Synagogue in Manhattan, New York

Congregation Beit Simchat Torah ("CBST") is a non-denominational Jewish, pluralistic, progressive, and LGBTQ+ synagogue located at 130 West 30th Street in Manhattan, New York City.

The congregation was founded in 1973 by and for LGBTQ people, and is the world's largest LGBTQ synagogue as of 2016. CBST serves Jews of all sexual orientations and gender identities and their families and friends. During 1992–2024, the congregation was led by Senior Rabbi Emerita Sharon Kleinbaum. Current clergy include Associate Rabbi Yael Werber and Cantor Sam Rosen.

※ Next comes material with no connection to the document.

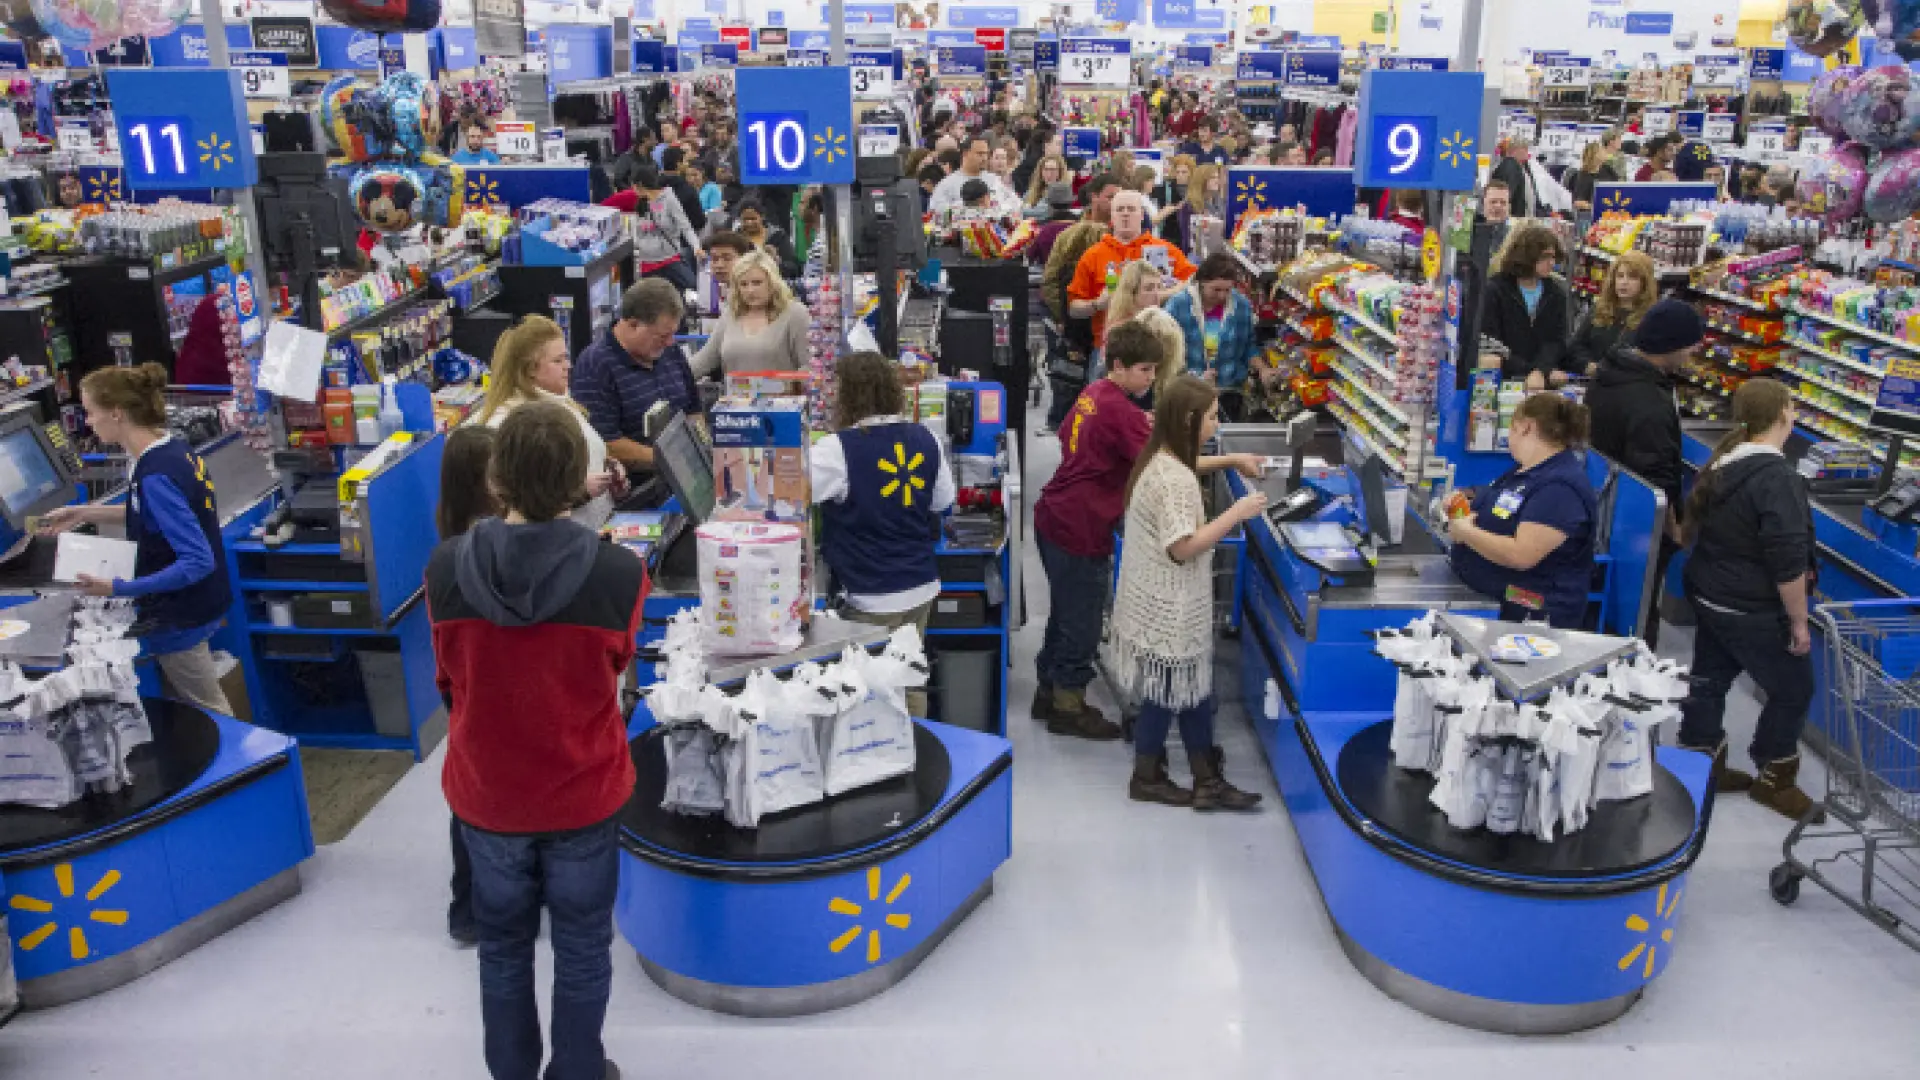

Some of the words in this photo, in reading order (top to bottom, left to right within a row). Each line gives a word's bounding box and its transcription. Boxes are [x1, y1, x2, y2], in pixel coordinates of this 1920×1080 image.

[131, 124, 184, 173] 11
[749, 121, 804, 168] 10
[1388, 124, 1420, 173] 9
[715, 414, 760, 428] Shark
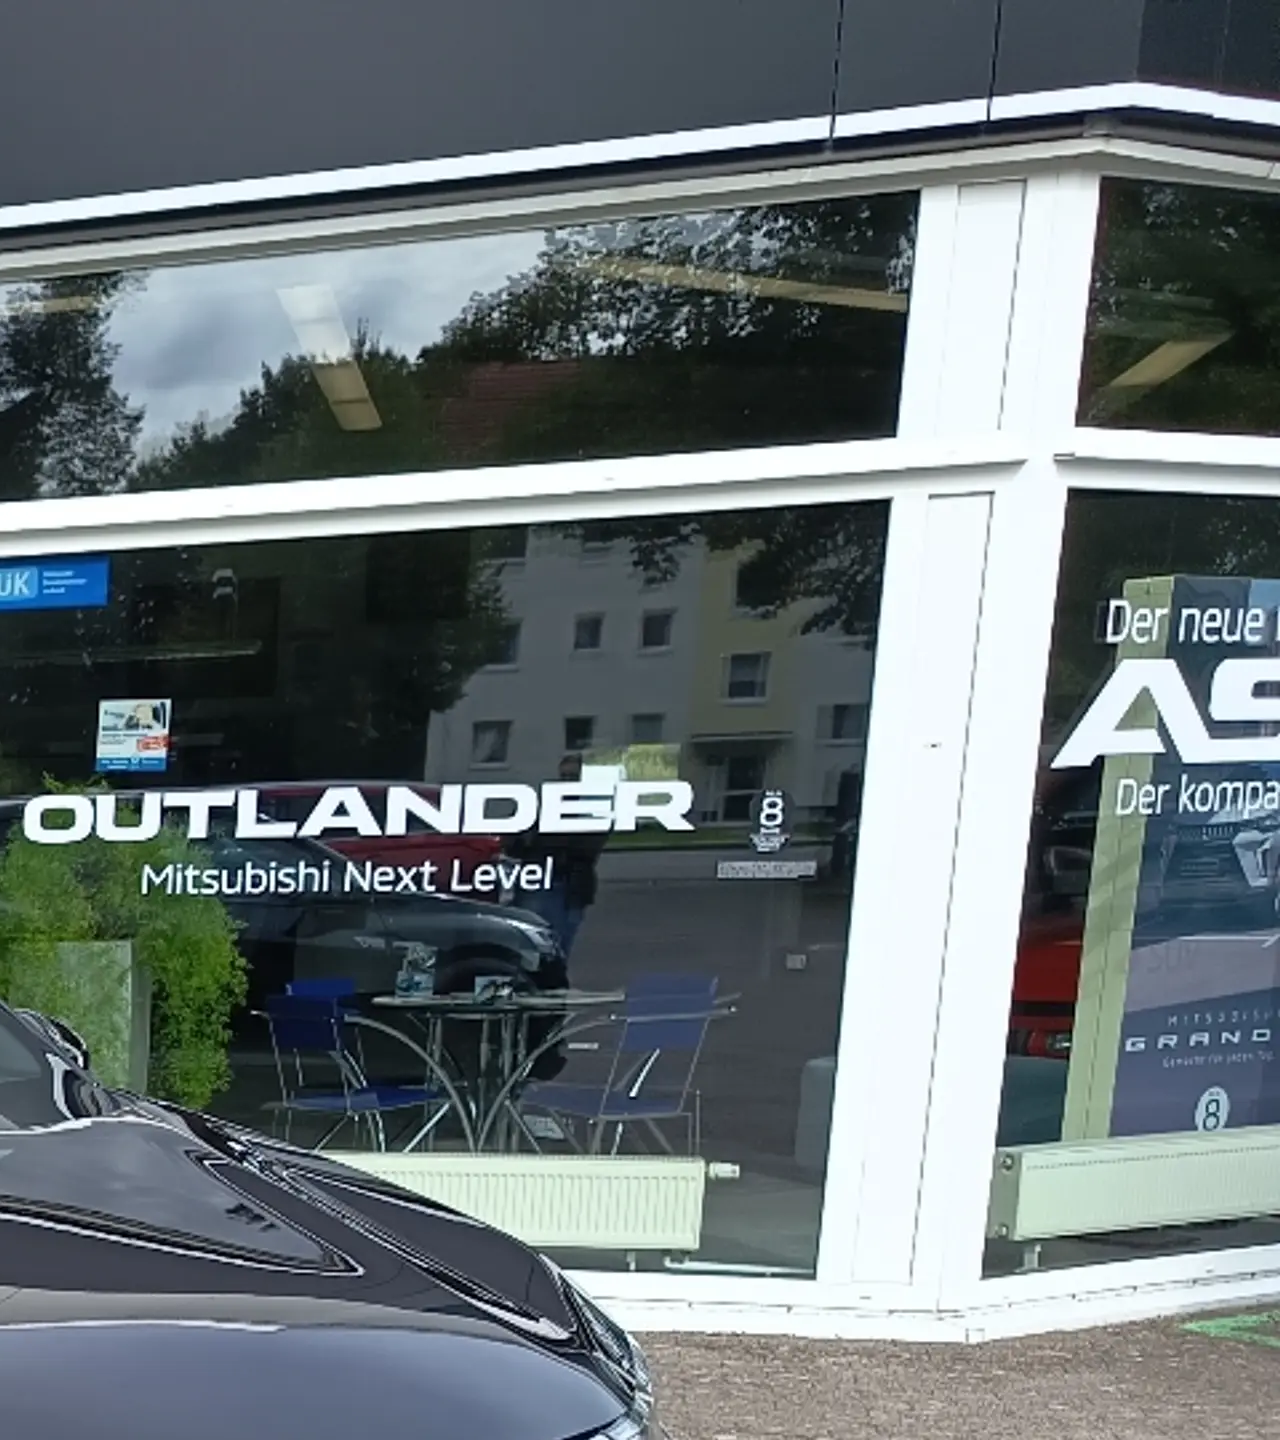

CBST is not affiliated with any formal denomination or branch of Judaism.

==History==
The congregation, founded in 1973 by twelve gay Jewish men and led by Jacob Gubbay, originally met in Chelsea's Church of the Holy Apostles and brought its prayer materials to services each week in a brown paper bag. In 1978, they began renting space in the West Village at 57 Bethune Street—in the Westbeth Artists Community residential-artistic complex—for offices, a Hebrew school, and a sanctuary. However, the space was not large enough for Friday night services (i.e., Kabbalat Shabbat and maariv), which continued to be held in the church. The synagogue has also held annual Yom Kippur services at the Jacob Javits Convention Center: the only free-to-attend High Holy Day services held in the city. Yom Kippur services have drawn over 4,000 people.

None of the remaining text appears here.